**WHAT YOU SHOULD DO:**
Restate all data exactly. No images.

-------- DATA SECTION --------

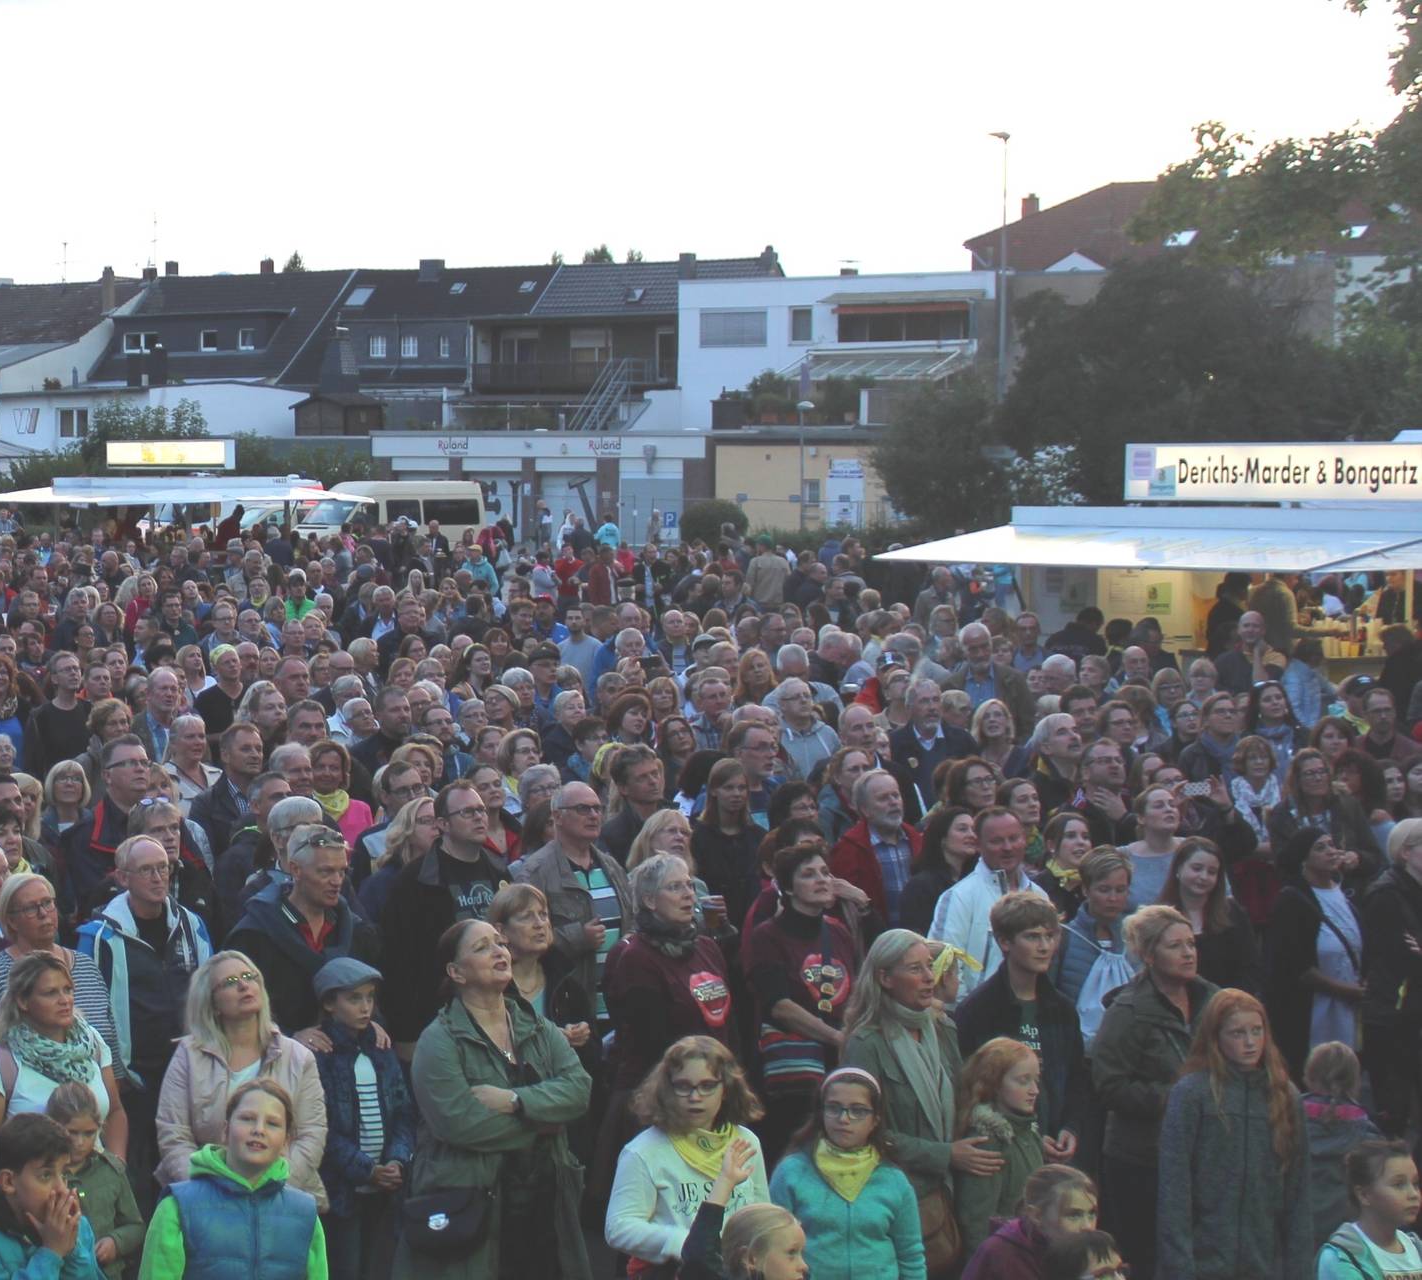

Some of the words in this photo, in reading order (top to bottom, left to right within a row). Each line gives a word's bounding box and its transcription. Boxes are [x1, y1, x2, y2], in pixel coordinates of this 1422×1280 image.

[1178, 454, 1310, 484] Derichs-Marder
[1317, 460, 1326, 484] &
[1334, 457, 1418, 493] Bongartz
[666, 513, 674, 526] P
[679, 1183, 698, 1202] JE
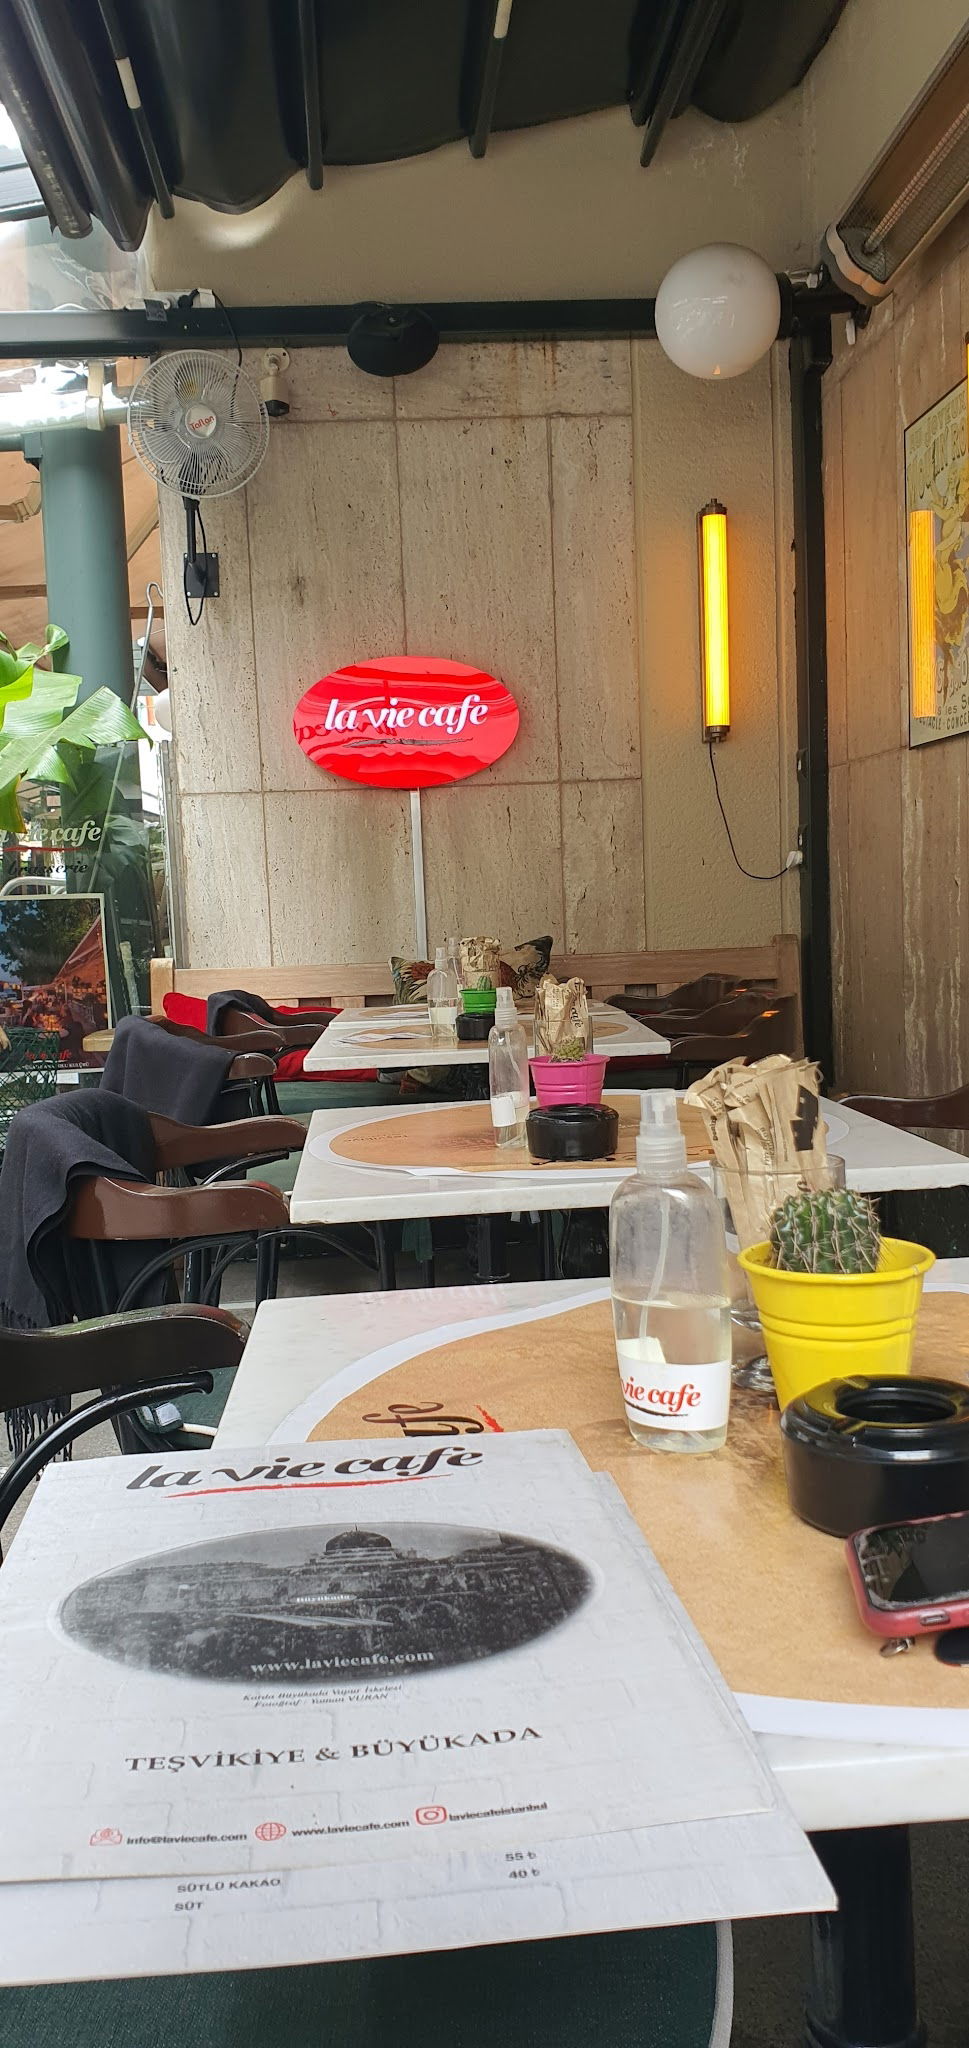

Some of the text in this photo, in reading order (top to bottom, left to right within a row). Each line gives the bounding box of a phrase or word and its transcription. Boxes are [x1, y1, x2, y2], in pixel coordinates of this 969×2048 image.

[188, 415, 215, 430] Taflan
[324, 698, 360, 731] la
[362, 697, 415, 729] vie
[417, 693, 489, 735] cafe
[49, 819, 102, 847] cafe
[621, 1376, 701, 1413] vie cafe
[126, 1446, 484, 1491] la vie cafe
[250, 1651, 435, 1674] www.laviecafe.com
[124, 1726, 543, 1773] TEŞVİKİYE & BÜYÜKADA
[291, 1820, 410, 1837] www.laviecafe.com
[174, 1900, 204, 1912] SÜT
[508, 1869, 528, 1880] 40
[177, 1880, 225, 1894] SÜTLÜ
[228, 1877, 281, 1890] KAKAO

--------

**ANSWER AREA:**
Some of the words in this photo, in reading order (top to bottom, left to right within a row). Each line gives a word's bounding box and its transcription. Boxes are [x1, y1, x2, y2], in pixel coordinates of this 1422×1280 image.

[1178, 454, 1310, 484] Derichs-Marder
[1317, 460, 1326, 484] &
[1334, 457, 1418, 493] Bongartz
[666, 513, 674, 526] P
[679, 1183, 698, 1202] JE

Some of the text in this photo, in reading order (top to bottom, left to right within a row). Each line gives the bounding box of a phrase or word and its transcription. Boxes are [x1, y1, x2, y2], in pixel coordinates of this 969×2048 image.

[188, 415, 215, 430] Taflan
[324, 698, 360, 731] la
[362, 697, 415, 729] vie
[417, 693, 489, 735] cafe
[49, 819, 102, 847] cafe
[621, 1376, 701, 1413] vie cafe
[126, 1446, 484, 1491] la vie cafe
[250, 1651, 435, 1674] www.laviecafe.com
[124, 1726, 543, 1773] TEŞVİKİYE & BÜYÜKADA
[291, 1820, 410, 1837] www.laviecafe.com
[174, 1900, 204, 1912] SÜT
[508, 1869, 528, 1880] 40
[177, 1880, 225, 1894] SÜTLÜ
[228, 1877, 281, 1890] KAKAO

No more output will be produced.